Andréia começou a trabalhar muito cedo. Começou com confecções, depois lanchonete, e aos 22 anos, abriu o Sacolão da Fartura. “Iniciamos o trabalho com frutas. Até que eu recebi R$ 1.200,00 de auxílio-maternidade e investi na venda de cereais. Depois, em ovos artesanais de Páscoa. Aí fui investindo sempre. E percebi que por sermos uma cidade muito pequena, nós tínhamos pouca variedade de produtos e normalmente com preços altos.”
“Resolvi então colocar de tudo um pouco na loja, trabalhando forte em variedade, preço baixo e bom atendimento. Tanto que hoje, já fomos escolhidos como o melhor supermercado da cidade, aqui as pessoas se sentem em casa.”
Na loja, Andreia vende desde hortifrúti e alimentos até produtos de papelaria, brinquedos, utilidades para o lar, bijuterias e, inclusive, tem um setor de calçados e um “espaço baby”, como ela chama, voltado para vendas de produtos para recém-nascidos.
E está muito feliz com essa estratégia de diversidade de produtos e preços bons que ela adotou: “Nós fomos ao encontro do que as pessoas precisavam. E o resultado é que durante a pandemia, com as pessoas em casa, nossas vendas aumentaram muito”.
”O nordestino é aguerrido!”
Outro exemplo de empreendedorismo nordestino vem do jovem pernambucano José Renato Matias, nascido na pequena Ouricuri (PE), no sertão pernambucano.
Ele começou a trabalhar com 13, 14 anos, vendendo doces de porta em porta. Depois, passou a vender queijos em estabelecimentos comerciais. Até que, em plena pandemia, depois de ter ficado desempregado, ele resolveu dar um novo e importante passo.
“Apesar desses tempos difíceis”, conta ele, “estamos crescendo. Já são dez funcionários, já temos uma câmara frigorífica e uma frotinha com uma caminhonete, um carro e uma moto. E já estou comprando o primeiro caminhão”, conta orgulhoso.

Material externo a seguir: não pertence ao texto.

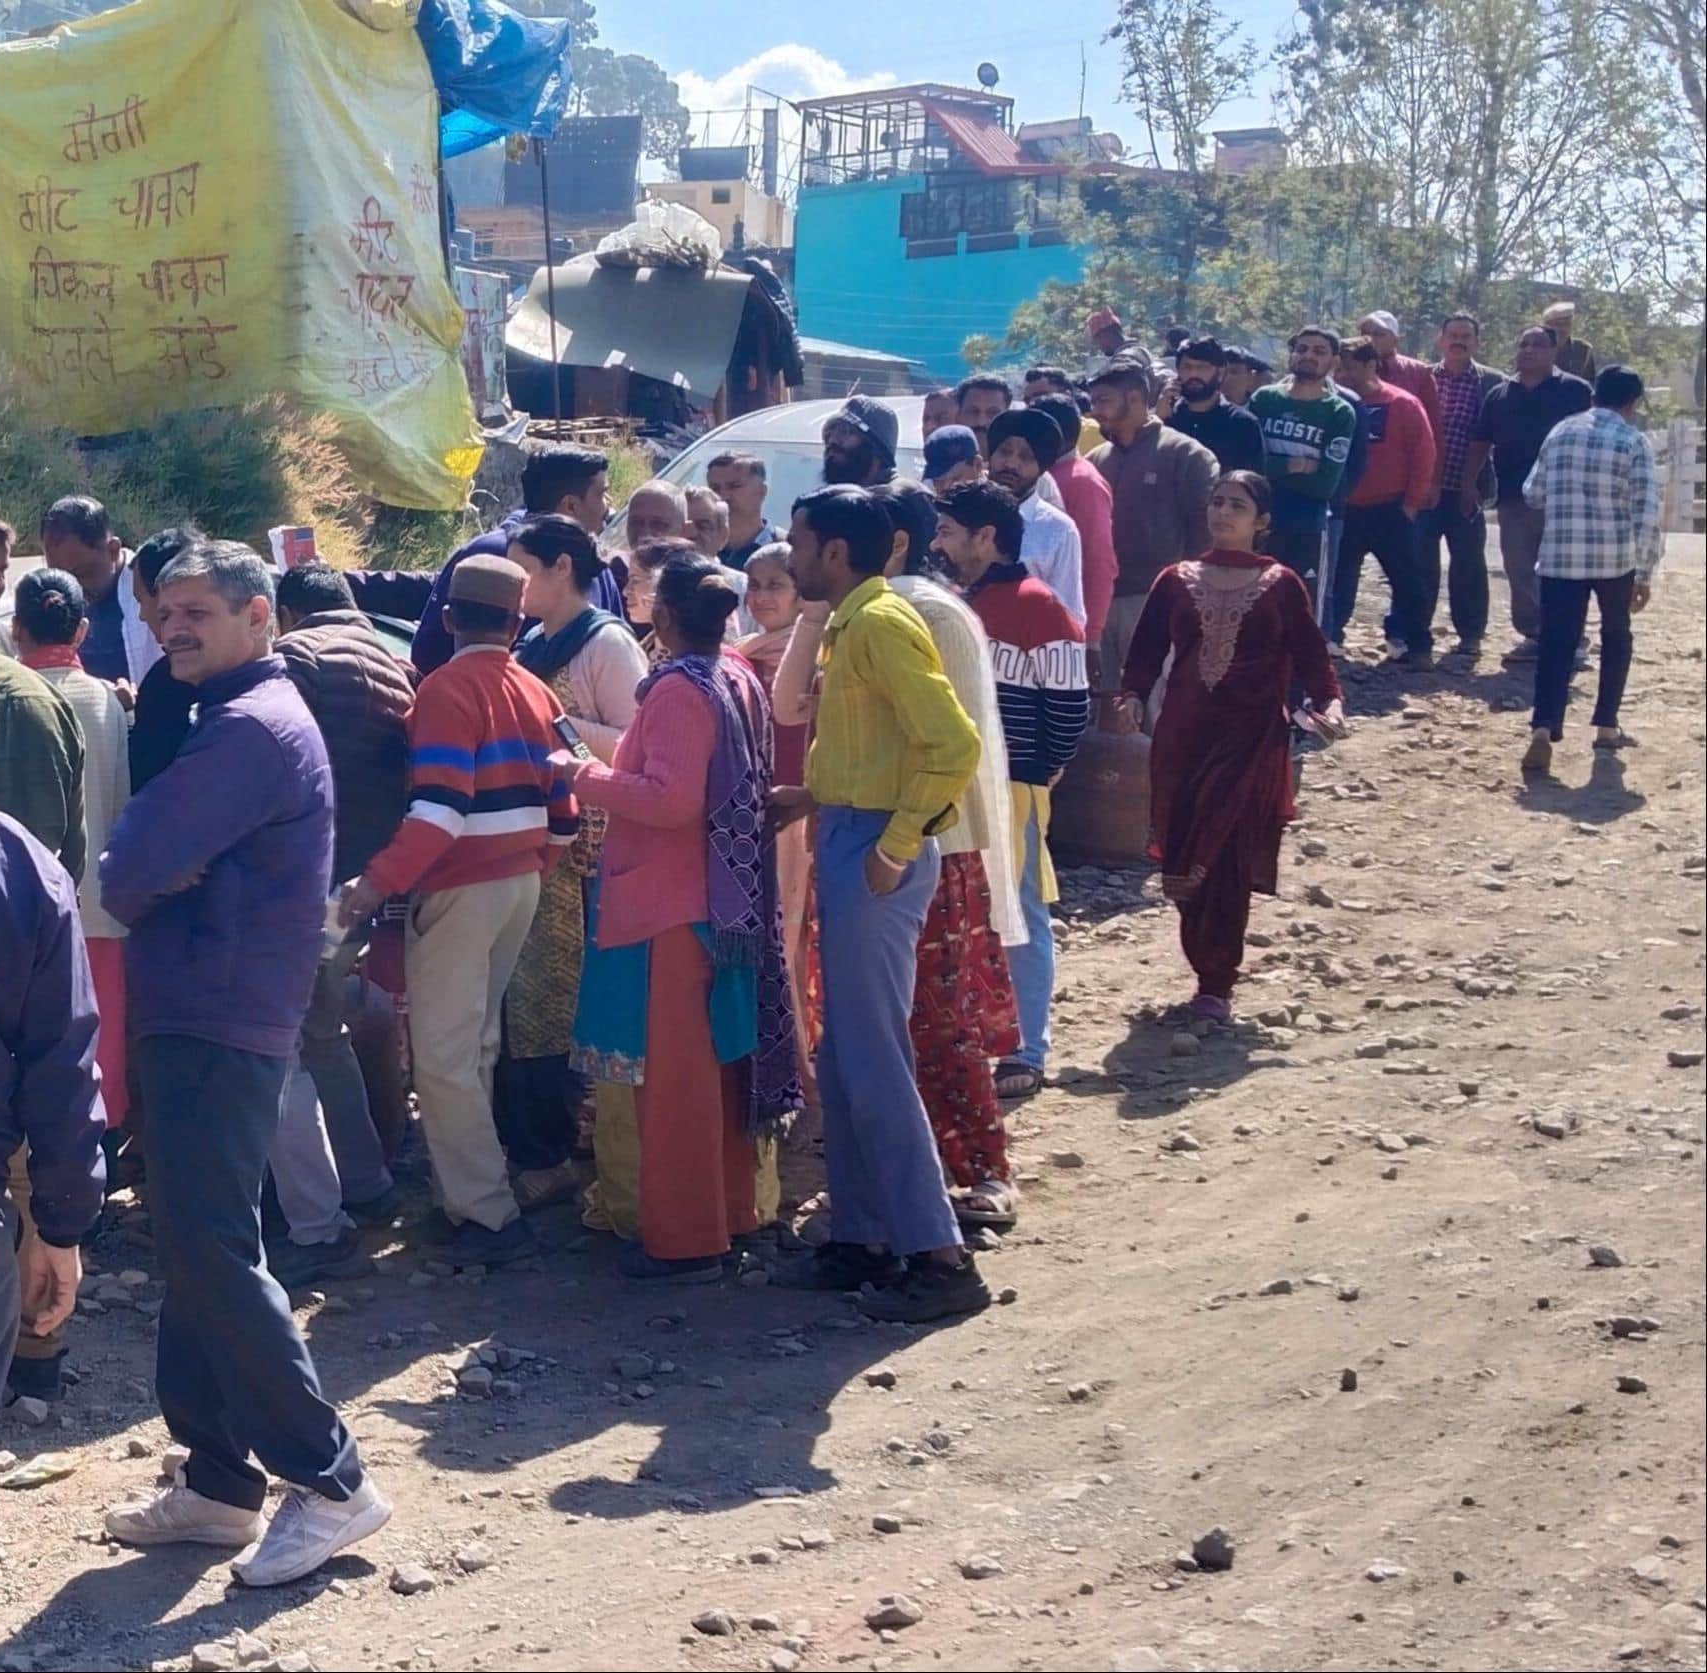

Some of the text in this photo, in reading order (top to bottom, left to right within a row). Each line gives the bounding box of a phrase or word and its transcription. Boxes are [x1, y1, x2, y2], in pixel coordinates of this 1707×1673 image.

Sobre o nordestino, principalmente os moradores de sua região do sertão, ele despeja elogios: “Olha, não é fácil! Apesar de todo o sofrimento, das dificuldades impostas pela natureza – muitas vezes o gado não tem o que comer – e por maus governantes, o nordestino é aguerrido, trabalhador. O nordestino é um forte!”
Povo que faz acontecer
Também muito precoce quando o assunto é exemplo de empreendedorismo nordestino, o igualmente pernambucano José Washington Ferreira da Silva, aos 19 anos seguiu os passos do pai (que já trabalhava com avicultura) e montou em Santa Cruz do Capibaribe (no agreste do estado), a Casa dos Ovos, hoje uma loja de conveniência que vende carnes, frangos, laticínios, queijos e produtos frigorificados.
Ele diz que o povo nordestino é arrojado e “empreende com sangue no olho”. E explica: “Se no Sul ou no Sudeste acontecer de ficar 60 dias sem chover, a coisa vira um caos. Aqui, chegamos a ficar dois anos sem chuva. A verdade é que o nordestino não se desespera com pouca coisa. E em termos de empreendedorismo aprendeu como poucos a conciliar as lições e o conhecimento com o lado prático da coisa. Aqui a gente faz acontecer!”
Brasileiros de verdade
Polyanna Gomes de Carvalho define: “O nordestino é acima de tudo um brasileiro. Um povo acolhedor, sensível, trabalhador”. Ela começou a trabalhar com pizzas junto com o marido, Augusto e hoje divide com ele o comando da “Disque Pizza”, tradicional casa instalada em um bairro nobre de Aracaju (SE).
O casal atende até 200 pessoas e tem no cardápio quase inimagináveis 140 diferentes sabores de pizzas, além de massas variadas.
Dizendo ser, acima de tudo, uma pessoa positiva, Polyanna fala que é preciso encarar esse momento delicado agradecendo pela saúde: “Eu não reclamo. Se a gente for procurar dificuldades encontra aqui no Nordeste ou em qualquer outro lugar. O importante é continuar trabalhando com muito amor para fazer as pessoas felizes.”